Reproduce the entries word for word, and omit any picture you find in them.

/---

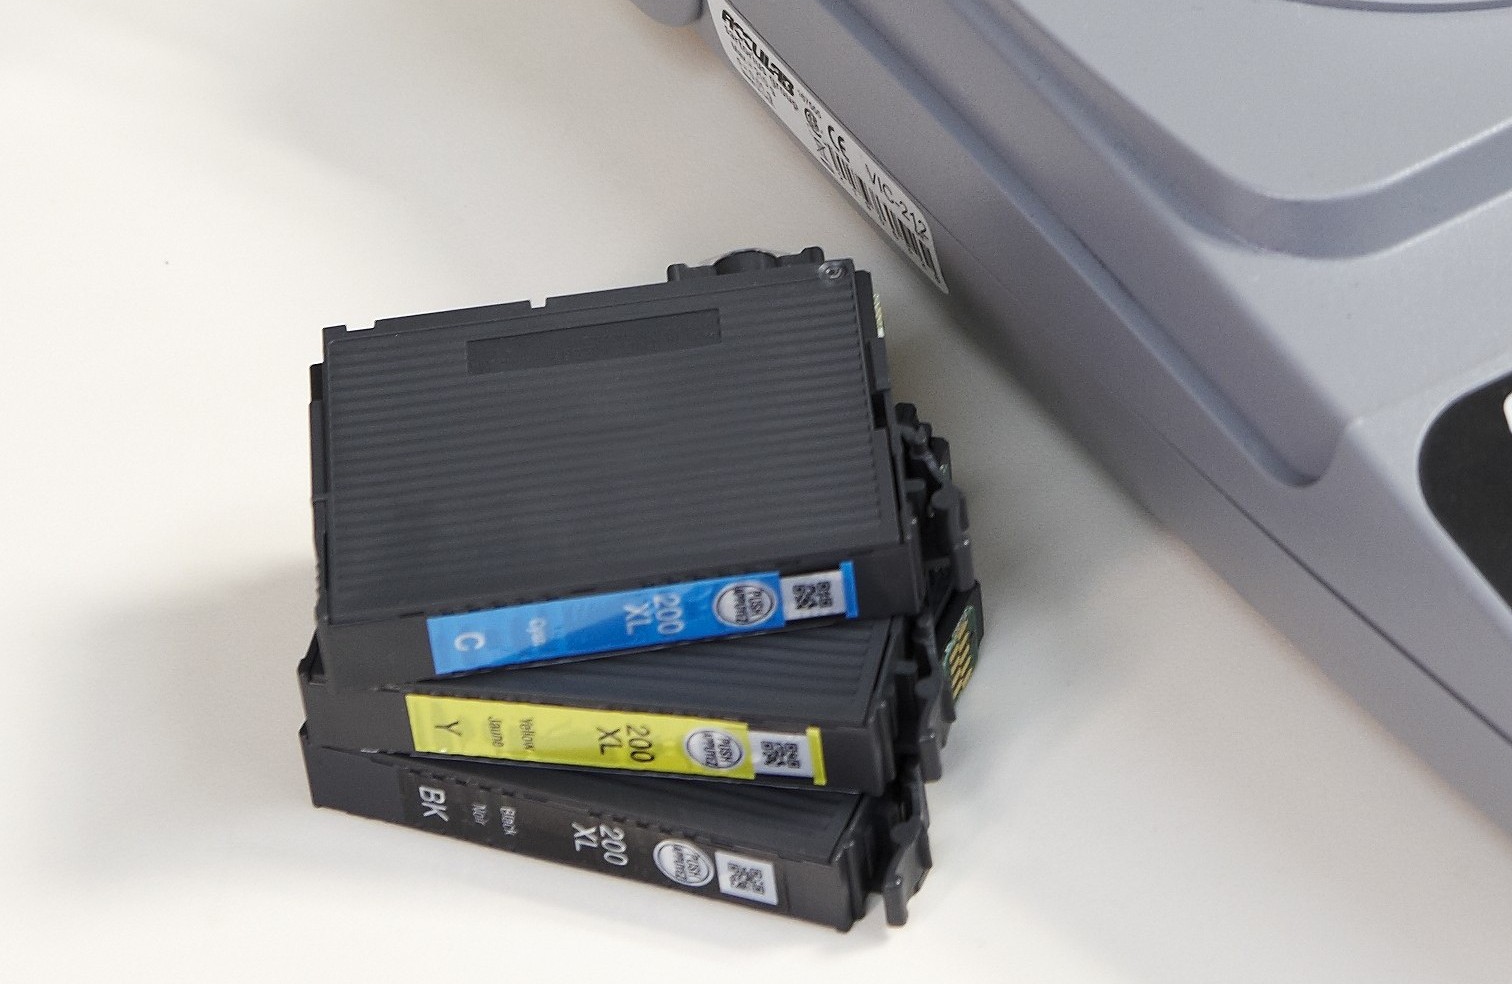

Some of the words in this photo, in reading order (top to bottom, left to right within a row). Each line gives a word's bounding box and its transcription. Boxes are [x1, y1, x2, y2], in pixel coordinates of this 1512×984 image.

[623, 600, 652, 636] XL
[652, 591, 685, 636] 200
[453, 631, 486, 652] C
[434, 719, 463, 736] Y
[487, 716, 505, 748] Jaune
[596, 725, 623, 756] XL
[626, 723, 656, 764] 200
[418, 785, 449, 823] BK
[571, 821, 599, 852] XL
[600, 823, 629, 867] 200

\---

## Task result:
Some of the words in this photo, in reading order (top to bottom, left to right within a row). Each line gives a word's bounding box and its transcription. Boxes are [x1, y1, x2, y2], in pixel coordinates of this 1512×984 image.

[623, 600, 652, 636] XL
[652, 591, 685, 636] 200
[453, 631, 486, 652] C
[434, 719, 463, 736] Y
[487, 716, 505, 748] Jaune
[596, 725, 623, 756] XL
[626, 723, 656, 764] 200
[418, 785, 449, 823] BK
[571, 821, 599, 852] XL
[600, 823, 629, 867] 200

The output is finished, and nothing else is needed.